* Your objective
Return a verbatim reproduction of each line, starting at the line with "this 1344×1512 image." and ending at the last line of the listing below.

* Records for the task
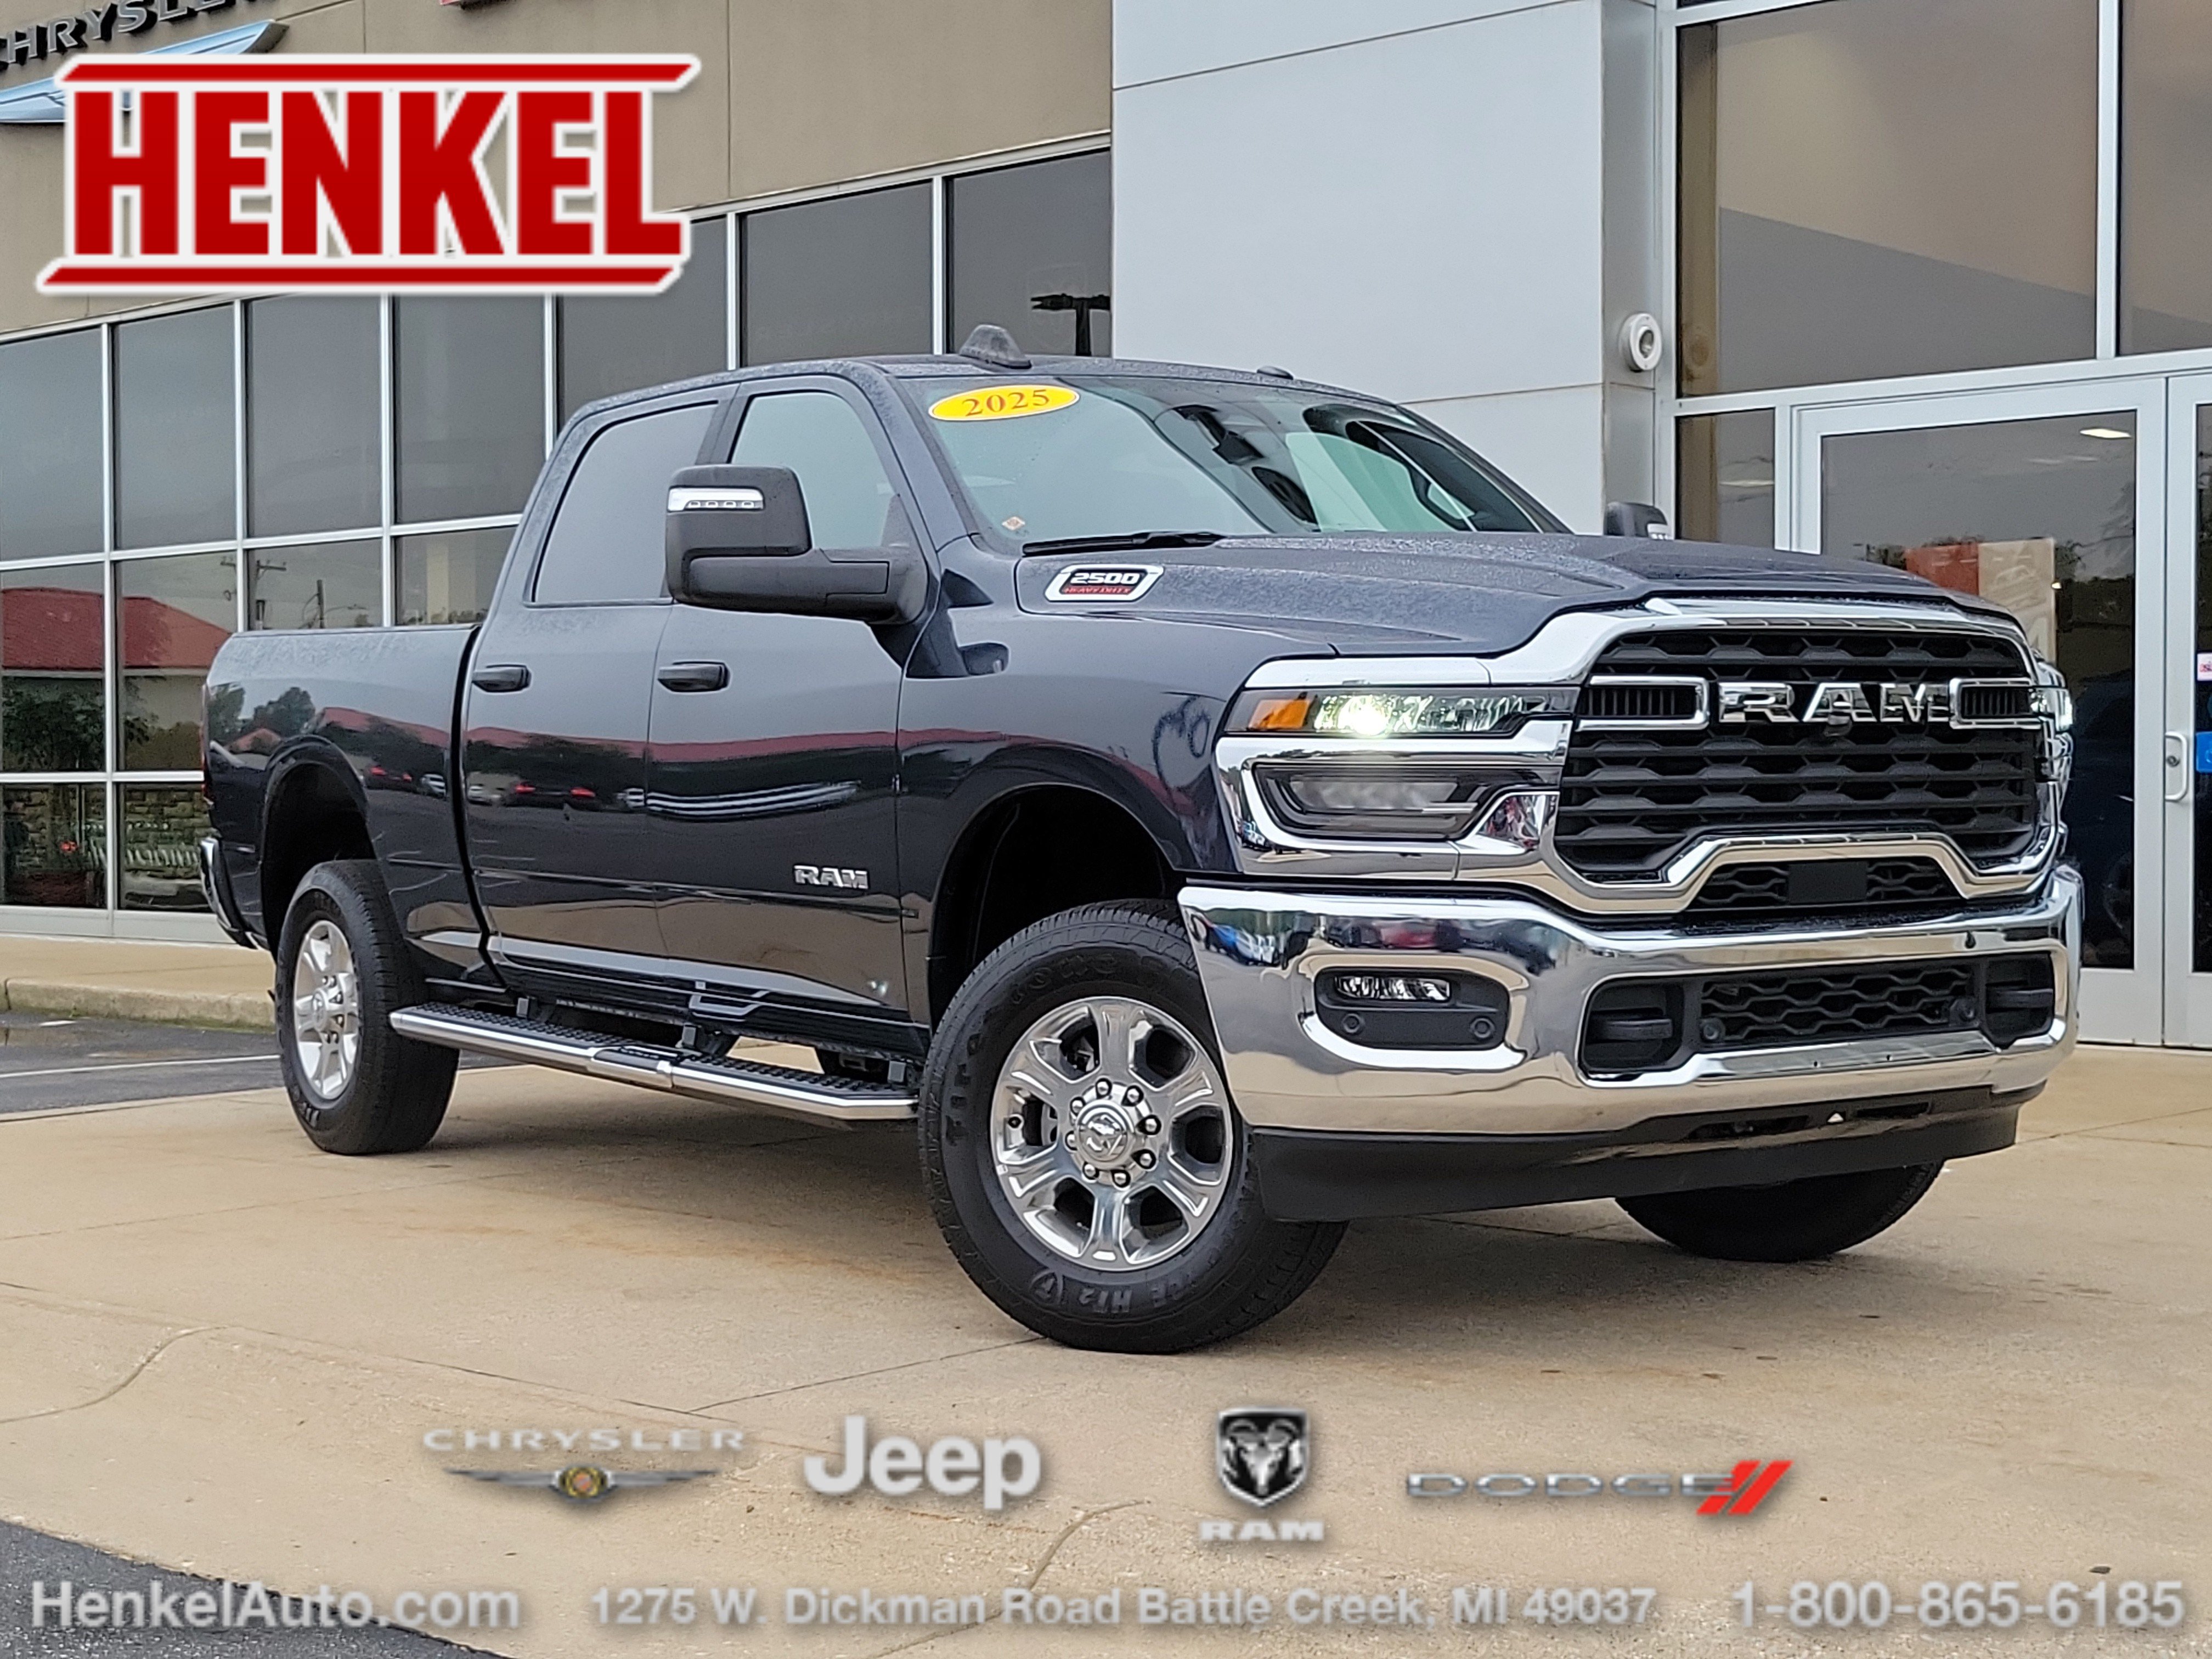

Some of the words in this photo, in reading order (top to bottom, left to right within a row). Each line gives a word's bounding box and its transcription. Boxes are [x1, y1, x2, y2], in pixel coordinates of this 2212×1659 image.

[962, 389, 1050, 417] 2025
[1070, 572, 1141, 585] 2500
[1718, 681, 1950, 724] RAM
[793, 865, 869, 890] RAM
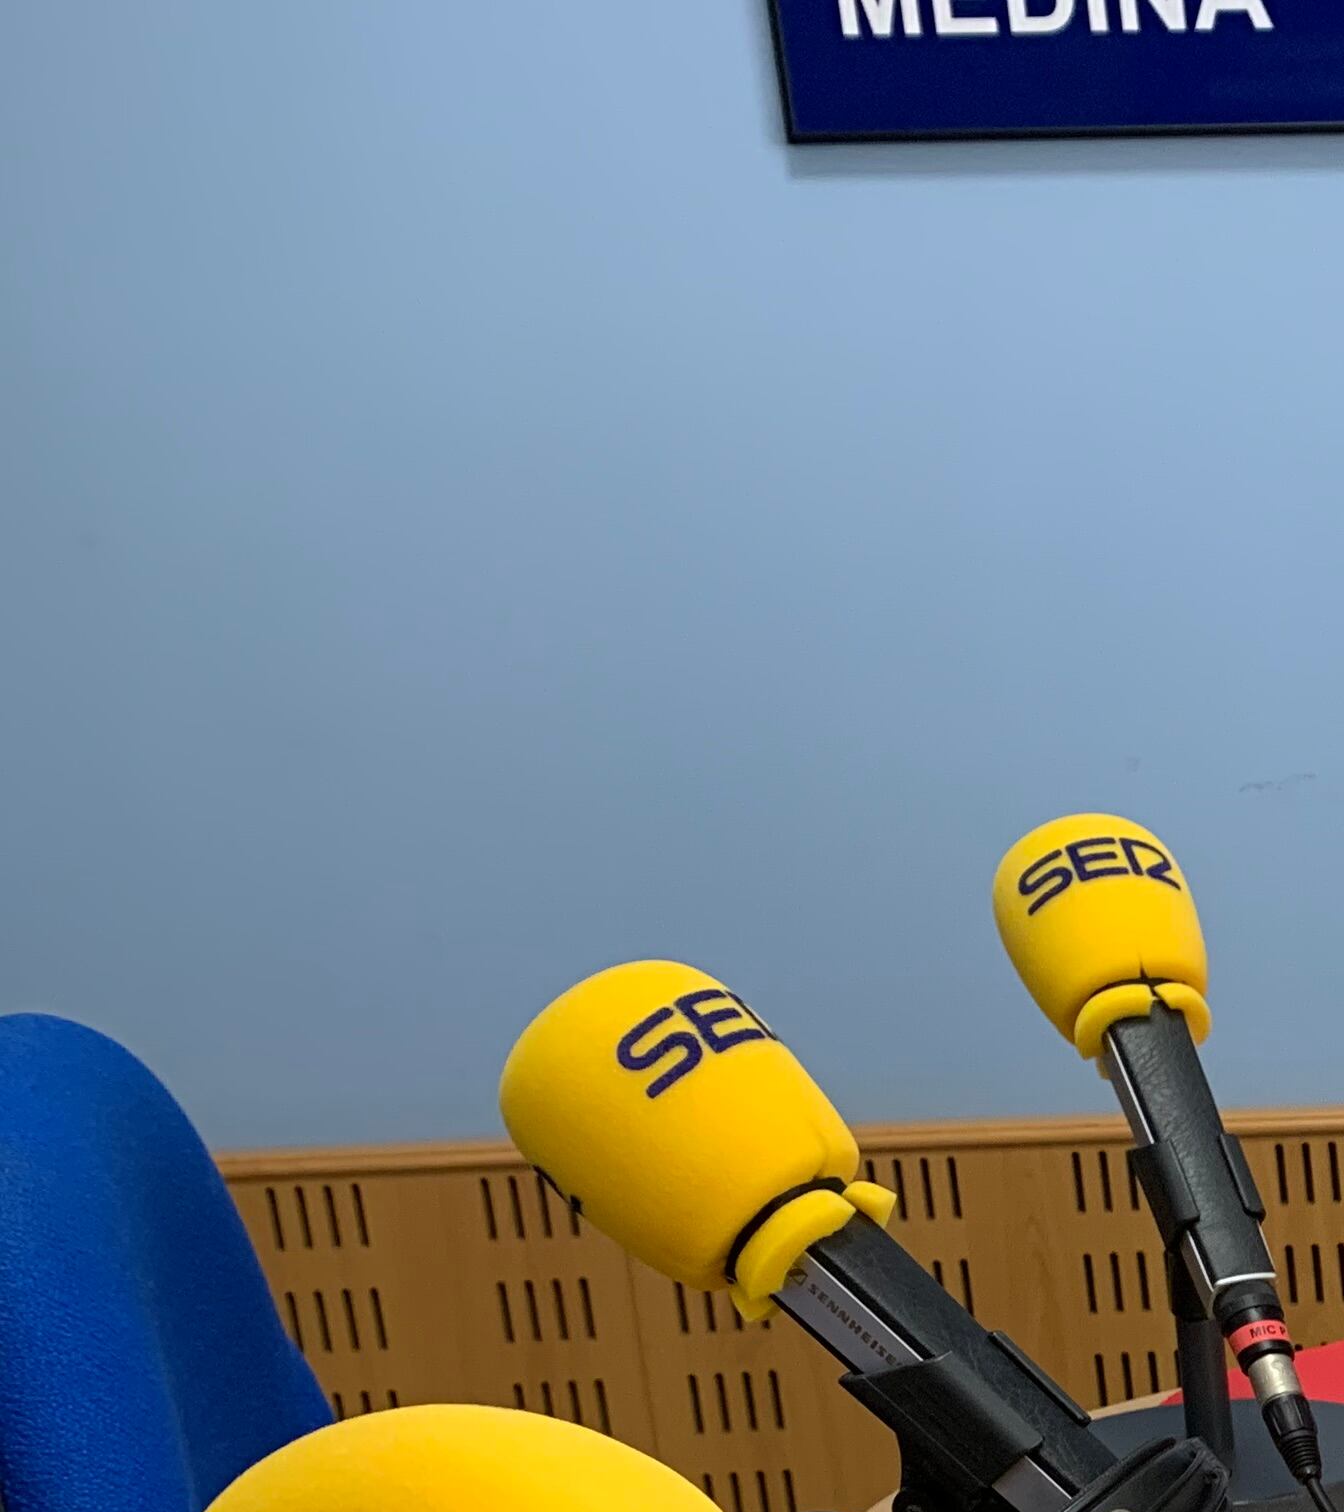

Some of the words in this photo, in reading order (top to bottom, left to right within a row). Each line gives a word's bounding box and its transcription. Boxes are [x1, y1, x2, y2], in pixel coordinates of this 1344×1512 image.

[1018, 837, 1181, 915] SER
[616, 988, 778, 1099] SE
[807, 1283, 903, 1366] SENNHEISE
[1249, 1324, 1277, 1339] MIC

* Solution
Some of the words in this photo, in reading order (top to bottom, left to right within a row). Each line gives a word's bounding box and its transcription. Boxes are [x1, y1, x2, y2], in pixel coordinates of this 1344×1512 image.

[1018, 837, 1181, 915] SER
[616, 988, 778, 1099] SE
[807, 1283, 903, 1366] SENNHEISE
[1249, 1324, 1277, 1339] MIC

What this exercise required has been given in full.